= Beginning of Section =

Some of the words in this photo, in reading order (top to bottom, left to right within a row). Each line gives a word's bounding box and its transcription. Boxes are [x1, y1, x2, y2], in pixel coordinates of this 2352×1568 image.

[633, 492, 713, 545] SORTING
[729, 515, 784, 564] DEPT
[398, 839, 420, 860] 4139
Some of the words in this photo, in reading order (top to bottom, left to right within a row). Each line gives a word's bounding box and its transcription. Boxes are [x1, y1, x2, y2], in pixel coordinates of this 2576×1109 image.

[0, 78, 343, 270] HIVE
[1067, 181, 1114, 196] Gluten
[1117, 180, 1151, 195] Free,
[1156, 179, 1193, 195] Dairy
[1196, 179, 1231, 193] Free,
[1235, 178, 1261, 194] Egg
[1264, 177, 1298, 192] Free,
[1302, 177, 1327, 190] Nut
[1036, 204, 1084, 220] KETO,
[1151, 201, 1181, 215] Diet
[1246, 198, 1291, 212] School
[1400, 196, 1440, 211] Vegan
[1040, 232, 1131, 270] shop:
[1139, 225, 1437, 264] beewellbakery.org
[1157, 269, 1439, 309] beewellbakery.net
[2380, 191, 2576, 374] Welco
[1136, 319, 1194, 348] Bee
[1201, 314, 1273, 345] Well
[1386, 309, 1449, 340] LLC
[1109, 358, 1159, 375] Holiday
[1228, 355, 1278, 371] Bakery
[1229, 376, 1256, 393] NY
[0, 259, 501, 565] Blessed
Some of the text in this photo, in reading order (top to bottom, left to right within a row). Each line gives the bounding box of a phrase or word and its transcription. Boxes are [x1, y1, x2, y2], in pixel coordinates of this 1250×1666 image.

= End of Section =

> **Exercise aim**
The material above needs to be reproduced exactly as written.

> **Expected output**
Some of the words in this photo, in reading order (top to bottom, left to right within a row). Each line gives a word's bounding box and its transcription. Boxes are [x1, y1, x2, y2], in pixel coordinates of this 2352×1568 image.

[633, 492, 713, 545] SORTING
[729, 515, 784, 564] DEPT
[398, 839, 420, 860] 4139
Some of the words in this photo, in reading order (top to bottom, left to right within a row). Each line gives a word's bounding box and its transcription. Boxes are [x1, y1, x2, y2], in pixel coordinates of this 2576×1109 image.

[0, 78, 343, 270] HIVE
[1067, 181, 1114, 196] Gluten
[1117, 180, 1151, 195] Free,
[1156, 179, 1193, 195] Dairy
[1196, 179, 1231, 193] Free,
[1235, 178, 1261, 194] Egg
[1264, 177, 1298, 192] Free,
[1302, 177, 1327, 190] Nut
[1036, 204, 1084, 220] KETO,
[1151, 201, 1181, 215] Diet
[1246, 198, 1291, 212] School
[1400, 196, 1440, 211] Vegan
[1040, 232, 1131, 270] shop:
[1139, 225, 1437, 264] beewellbakery.org
[1157, 269, 1439, 309] beewellbakery.net
[2380, 191, 2576, 374] Welco
[1136, 319, 1194, 348] Bee
[1201, 314, 1273, 345] Well
[1386, 309, 1449, 340] LLC
[1109, 358, 1159, 375] Holiday
[1228, 355, 1278, 371] Bakery
[1229, 376, 1256, 393] NY
[0, 259, 501, 565] Blessed
Some of the text in this photo, in reading order (top to bottom, left to right within a row). Each line gives the bounding box of a phrase or word and its transcription. Boxes are [x1, y1, x2, y2], in pixel coordinates of this 1250×1666 image.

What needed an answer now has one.